We then examined if there was an association between children's performance on the TECS-E and their performance on the TROG-2 (using standard scores for both measures), across all age bins (n = 129). The estimated paired-sample Pearson's correlation (for all items) was 0.48 (95% CI 0.33 to 0.60; p = 0.17), indicating a moderate correlation between both measures. A scatterplot of standard scores for TECS-E and TROG-2 is available in Figure S10.

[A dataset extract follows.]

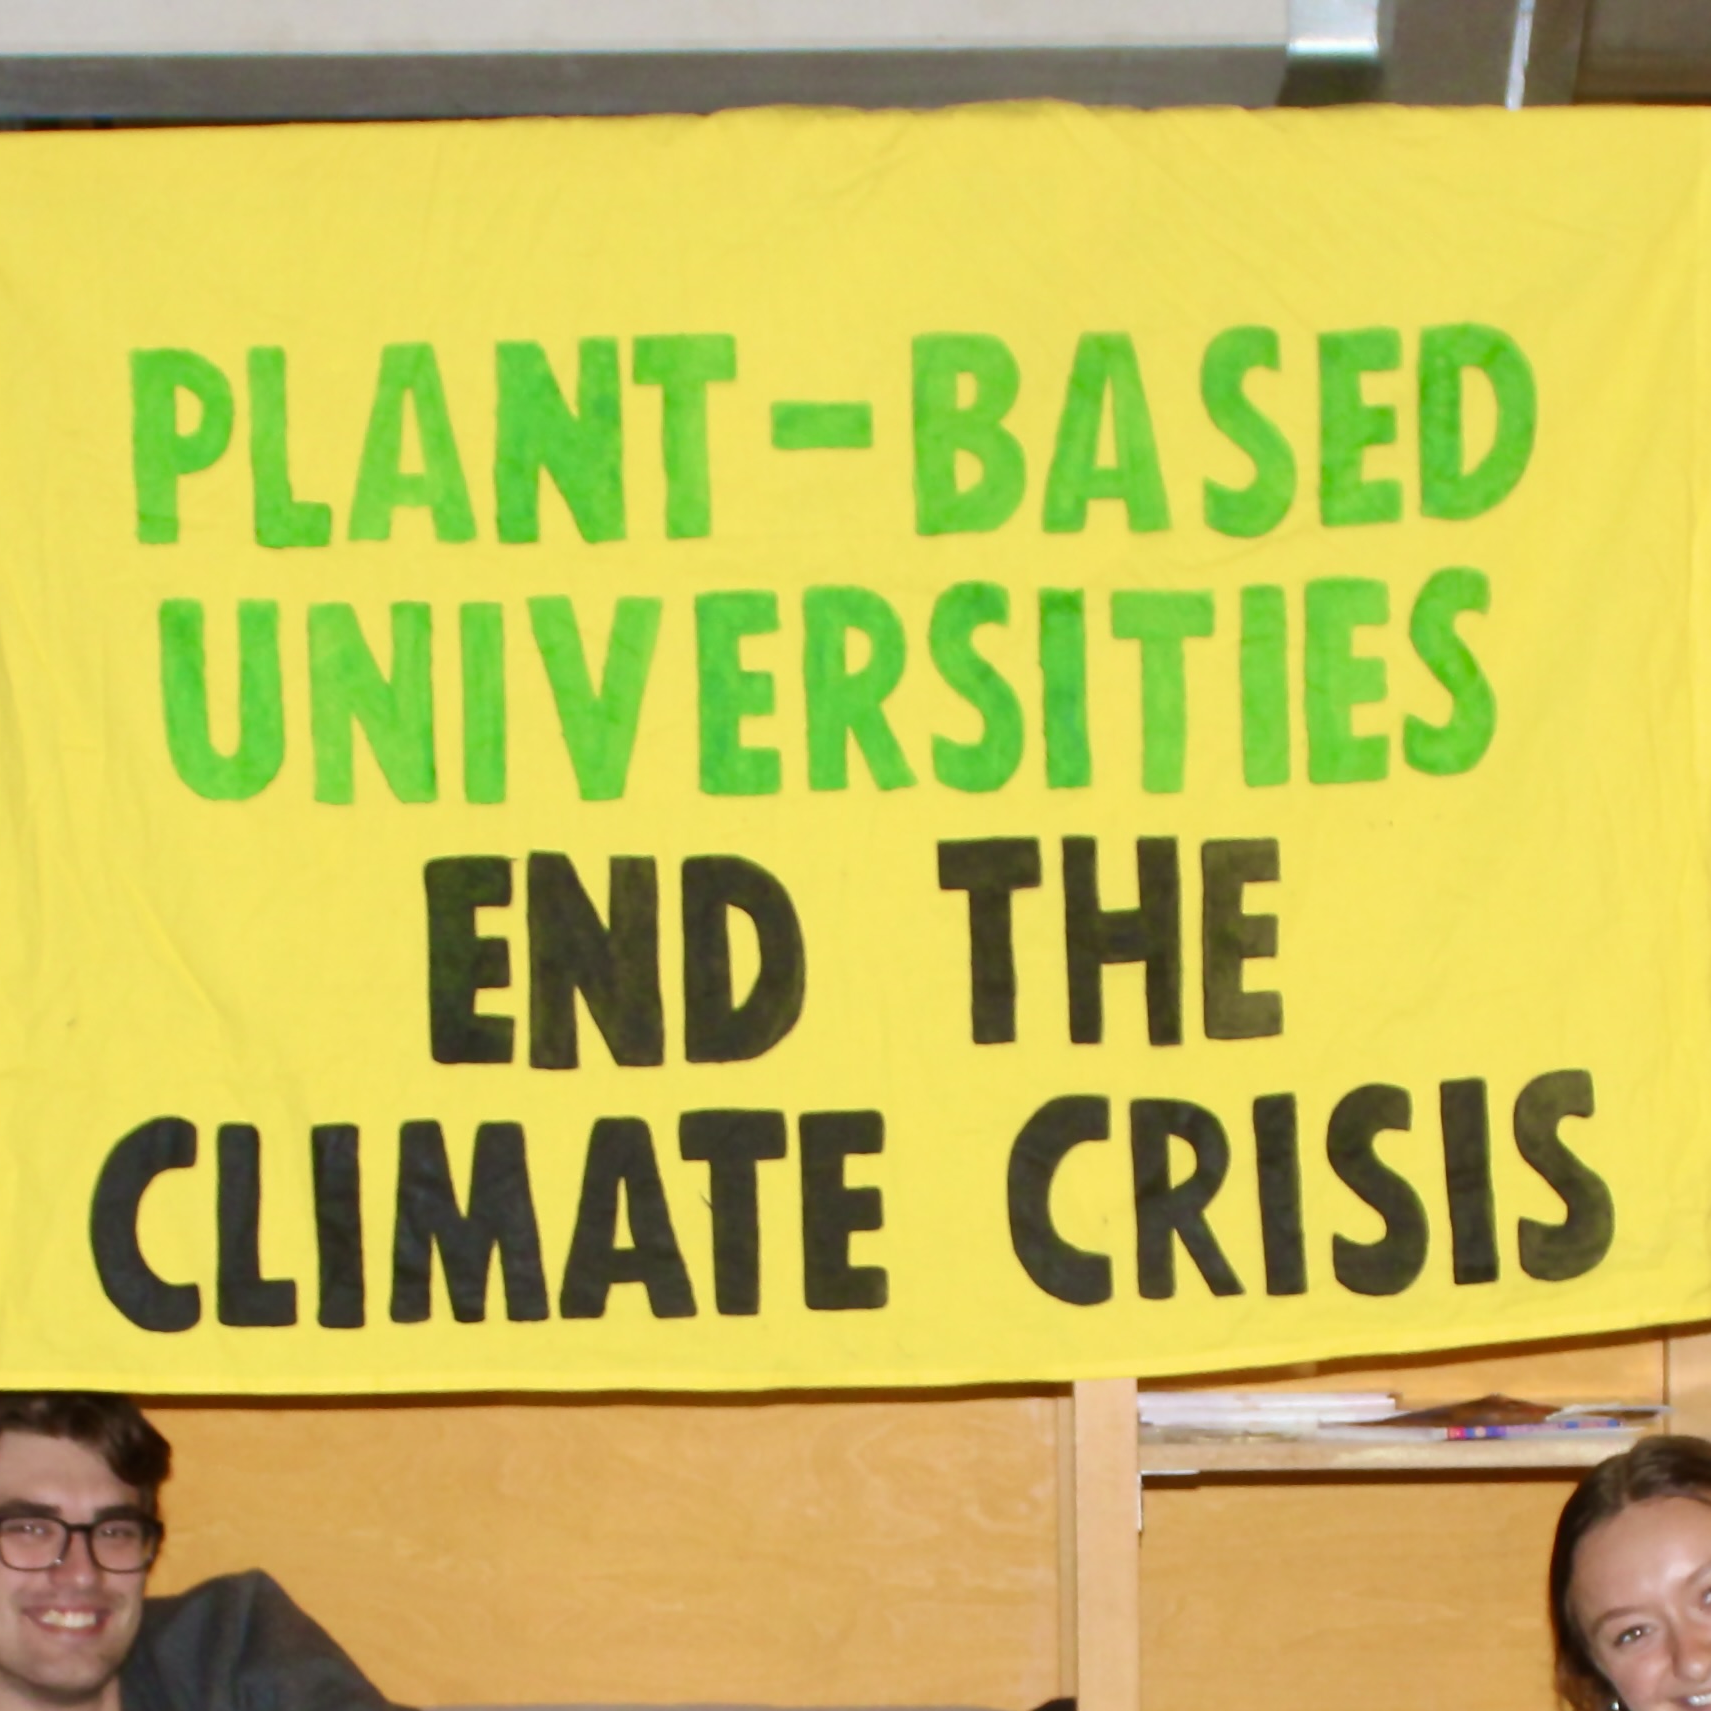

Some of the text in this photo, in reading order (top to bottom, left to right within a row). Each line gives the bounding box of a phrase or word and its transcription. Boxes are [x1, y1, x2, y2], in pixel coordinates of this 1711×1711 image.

4.4 Children's Overall Understanding of Complex Sentences

In our first research question, we asked how well English-speaking children between 5 and 9 years can understand complex sentences. Table 3 displays the descriptive statistics derived from the number of correct responses in each section for the full sample (n = 600). As shown, overall, children performed best on relative clauses, followed by complement clauses and the lowest performance was on adverbial clauses. Results from the full factorial ANOVA indicated that the type of construction had a significant main effect on how children performed [F(2 1728) = 55.34, p < 0.00001]. The Fisher LSD post hoc analysis revealed that all three constructions were significantly different (p < 0.001) at a 95% confidence level

There is the possibility of response bias when completing a task that requires a yes or no response, whereby the child may always give a ‘yes’ or ‘no’ response when they do not understand the construction presented. In order to examine this, we calculated a d’ prime measure (McNicol, 1972) by averaging the probabilities of true and false positives for all 100 children in each age bin first and then calculating the d’ based on these averages. We then plotted this against the percentage of correct answers for each type of construction. The plot is available as Figure S2. With no bias, the points fall on the solid line in the plot. Points that are above the line show a bias to answer yes (where children are performing much better on the compatible than the incompatible items), and points below the line indicate no bias (where children are performing much better on the incompatible than the compatible items). Our plot shows no bias for the majority of constructions but a mild yes bias for the adverbial clauses, indicating that some children found it slightly easier to answer a compatible adverbial than one that was incompatible.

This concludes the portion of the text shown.